So, my point here is that, aside from everything else, there has been some pretty adventurous hyperbole on this thread.
I think one does not have to be a professional economist to understand that we have some serious economic problems; and that these problems are likely to get worse before they get better. I personally think that eventually things will get sorted out. Although I also suspect that the American economy will never return to its former dominance.
It also seems clear to me that there are a lot of structural economic issues that need to get sorted out. Among other things, we need to get over our uncritical adulation of the free market. There is no doubt that markets are important and that they should have a good deal of freedom. It is also clear that free markets by themselves are insufficient.
There are fundamental issues that need to be rationally discussed. As far as I can see there is limited benefit from wallowing in the latest dire predictions.
Never the less, there has always been a macabre fascination with "the end is near" pronouncements.
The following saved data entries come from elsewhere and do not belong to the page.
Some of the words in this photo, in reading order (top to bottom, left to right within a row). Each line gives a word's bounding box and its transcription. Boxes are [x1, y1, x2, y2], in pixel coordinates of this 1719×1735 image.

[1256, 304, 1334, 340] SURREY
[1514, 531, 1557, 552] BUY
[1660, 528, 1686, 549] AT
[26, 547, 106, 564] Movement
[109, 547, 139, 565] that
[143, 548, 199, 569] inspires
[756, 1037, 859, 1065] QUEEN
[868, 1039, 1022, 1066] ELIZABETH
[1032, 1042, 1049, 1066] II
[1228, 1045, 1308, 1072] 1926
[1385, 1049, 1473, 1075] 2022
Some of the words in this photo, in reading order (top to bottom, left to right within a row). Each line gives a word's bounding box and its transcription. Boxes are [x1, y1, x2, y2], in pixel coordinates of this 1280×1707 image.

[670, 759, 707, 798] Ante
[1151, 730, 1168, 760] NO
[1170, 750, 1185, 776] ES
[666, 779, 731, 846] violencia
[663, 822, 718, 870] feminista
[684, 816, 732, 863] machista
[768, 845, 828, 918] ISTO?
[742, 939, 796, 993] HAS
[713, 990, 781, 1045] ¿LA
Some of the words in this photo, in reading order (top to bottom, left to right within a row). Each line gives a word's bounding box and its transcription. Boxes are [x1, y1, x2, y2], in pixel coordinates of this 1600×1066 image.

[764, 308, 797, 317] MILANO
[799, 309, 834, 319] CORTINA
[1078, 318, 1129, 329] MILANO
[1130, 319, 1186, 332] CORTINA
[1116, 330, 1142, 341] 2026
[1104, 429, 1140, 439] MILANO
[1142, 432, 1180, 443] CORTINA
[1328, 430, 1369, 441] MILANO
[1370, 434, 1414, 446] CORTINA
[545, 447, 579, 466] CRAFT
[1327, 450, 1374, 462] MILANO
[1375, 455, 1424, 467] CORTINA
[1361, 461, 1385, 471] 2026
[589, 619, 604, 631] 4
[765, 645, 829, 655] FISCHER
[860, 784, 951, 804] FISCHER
I suppose it most likely this thread will continue to careen in that direction.
And, not meaning to curtail the inherent pleasure of that adventure... still, I would point out that there is even now some good news.
Consider the TED spread. Some economic cognizanti consider this an interesting number because the TED spread is an indicator of perceived credit risk in the general economy.
In a nutshell... the TED spread is the difference between the interest rate for treasury bills and the interest rate for extremely high quality commercial lending. Ideally you want a small difference indicating that people think commercial lenders are almost as reliable as the US government. A large and expanding difference indicates that people are suspicious of commercial lenders and prefer to stick with government debt.
So with that introduction, here is a link to a chart of the TED spread on Blomberg. link
And, if you look at the chart, you see that the chart went crazy back in October, and has gradually come back down.
Now, the truth is that this TED spread indicator is still too high. But the current levels indicates that some sanity is returning to the commercial lending market. And that is a good thing.
And, while we most likely consider that the big bail out was an enormous waste of money. The evidence on this chart is that the "bail out" did achieve what was intended to some degree. And while we can expect the credit crunch to have lingering pernicious effects, we may also begin to see that there may be some still faint light at the end of the tunnel.
OK
I am sorry not to have something more inflammatory to post... let get back the "discussion".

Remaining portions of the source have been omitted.